The mode (the most frequent category)
You are comparing average customer satisfaction between two products. Can you rely on descriptive statistics to generalise your findings?
No. we can never generalise findings using descriptive statistics. This is particularly true when talking about continuous variables (i.e., real numbers).
Name the three stages of data analytics
Descriptive analytics, Predictive analytics, Prescriptive analytics
Describe Descriptive analytics.
Basically inferential statistics. Analysing historical data (events that have already taken place)
Describe Predictive analytics
Building mathematical, computational, and statistical models to make predictions using existing data. In most cases we look at making numerical (regression) or categorical (classification) predictions.
Describe Prescriptive analytics
Building data-driven solutions to control, or change the outcome of an event (e.g., helping customers build credit, or directing salespeople on best targets for advertising merch).
A team of medical researchers is testing a new drug on hypertensive patients. They hypothesise that the drug will alter systolic blood pressure. Write out the null and alternative hypotheses.
Null hypothesis (there is no difference in the means on a population level, i.e., significant difference. Denoted H0).
Alternative hypothesis (there is a difference in the means. Denoted H1)
H0: There is no effect of drug on systolic BP
H1: There is an effect of drug on systolic BP
Can you generalise means and use them to gain conclusions?
No. We cannot generalise using the means. If there is a large difference we need to un some formal tests first.
What is random sampling?
Randomly sample from the population. Simple, yet risks overrepresentation of certain groups, unequal group sizes.

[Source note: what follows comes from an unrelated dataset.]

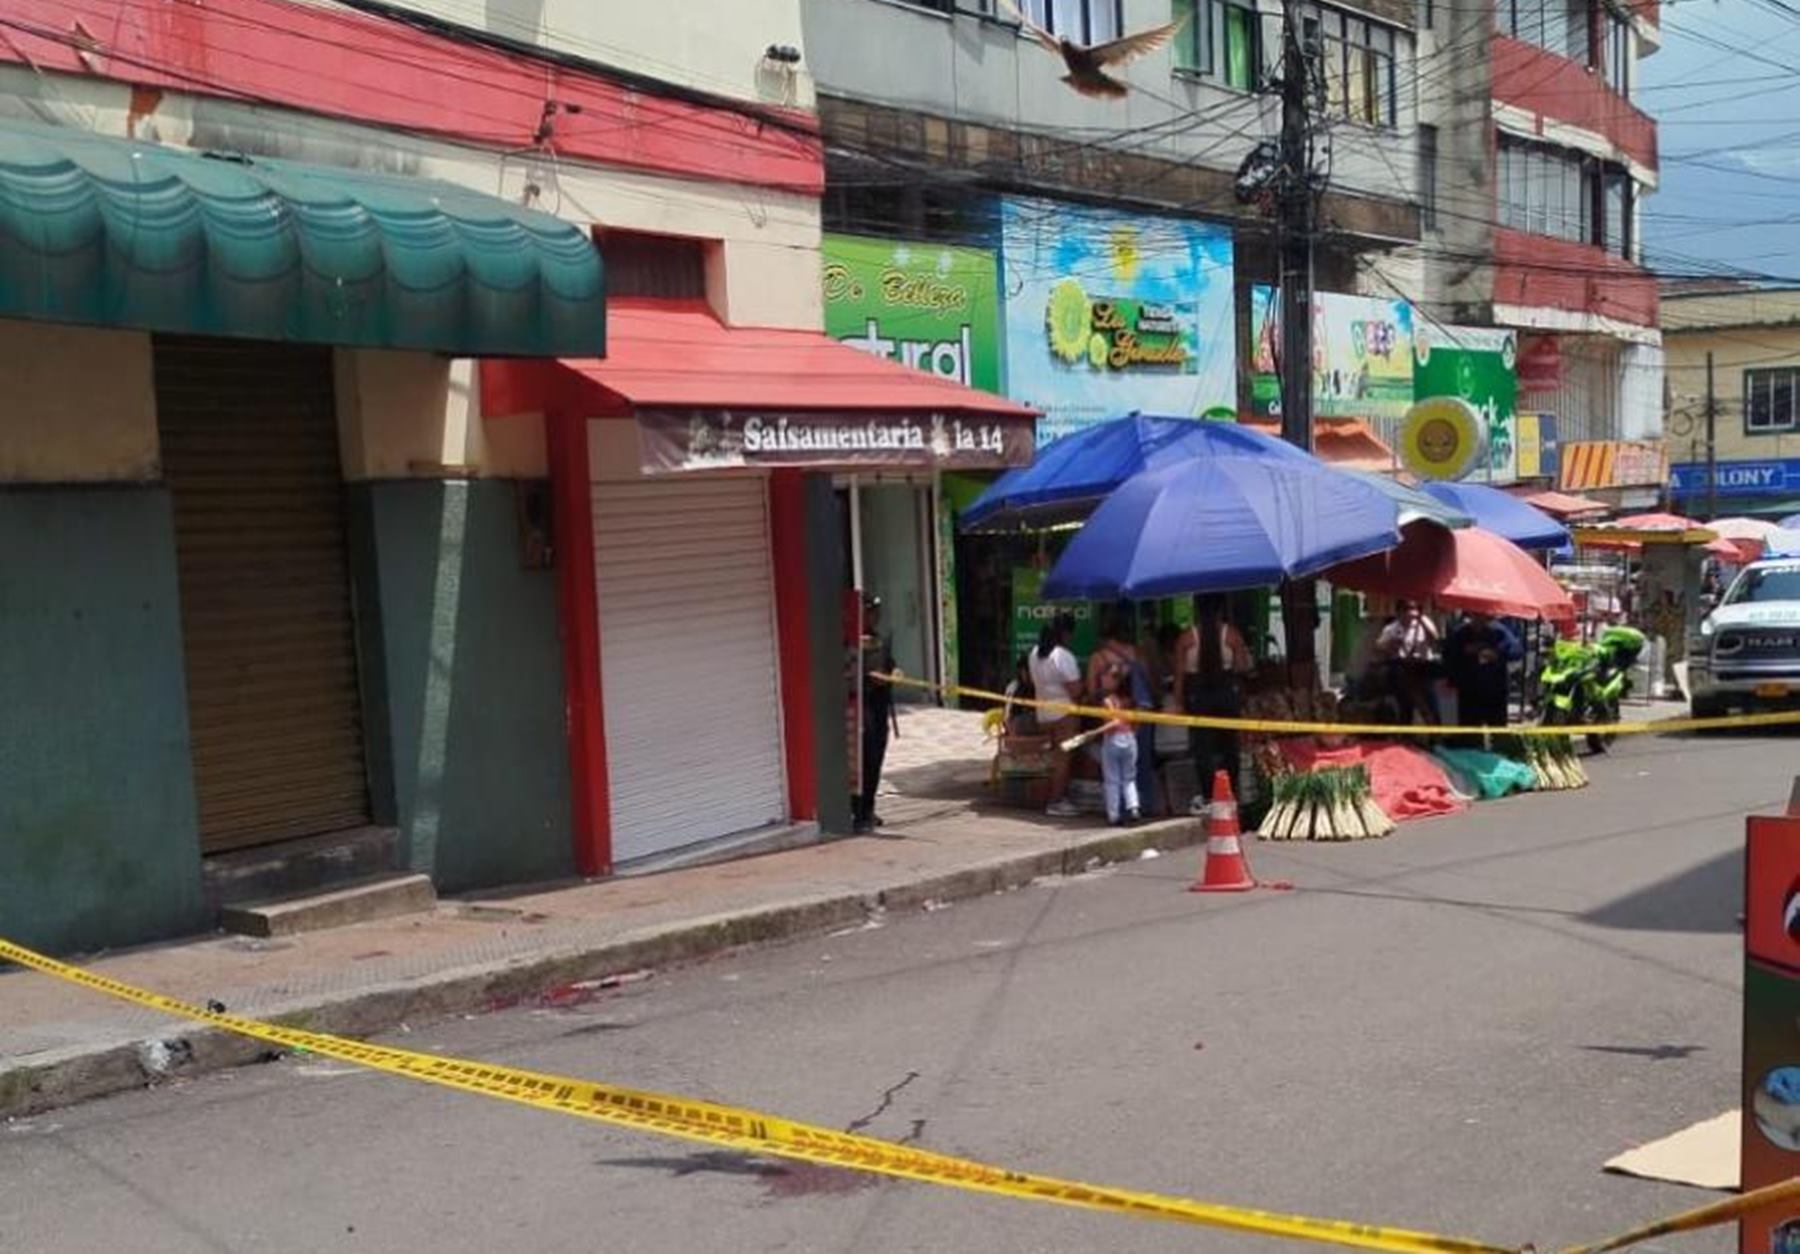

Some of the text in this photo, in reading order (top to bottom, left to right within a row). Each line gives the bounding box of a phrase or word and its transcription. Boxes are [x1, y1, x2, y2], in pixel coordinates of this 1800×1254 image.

[882, 267, 967, 319] Belleza
[743, 415, 924, 451] Salsamentaria
[1716, 467, 1775, 487] LONY

What is stratified sampling?
Allows for control of group sizes by sampling based on said groups (e.g., sex, profession, etc.). Needs careful planning as frequencies may lead to biased representation of otherwise smaller groups by overrepresenting their importance.
What is clustered sampling?
Usually based on geography and proximity. E.g., sampling from a local hospital, rather than all hospitals.
What is systematic sampling?
Taking every kth member. Especially useful in industrial domains where order may matter.
What is the difference between a parameter and a statistic?
Parameters are summaries of population data. Statistics are summaries of sample data. In many places there are used interchangeably (e.g., in data science).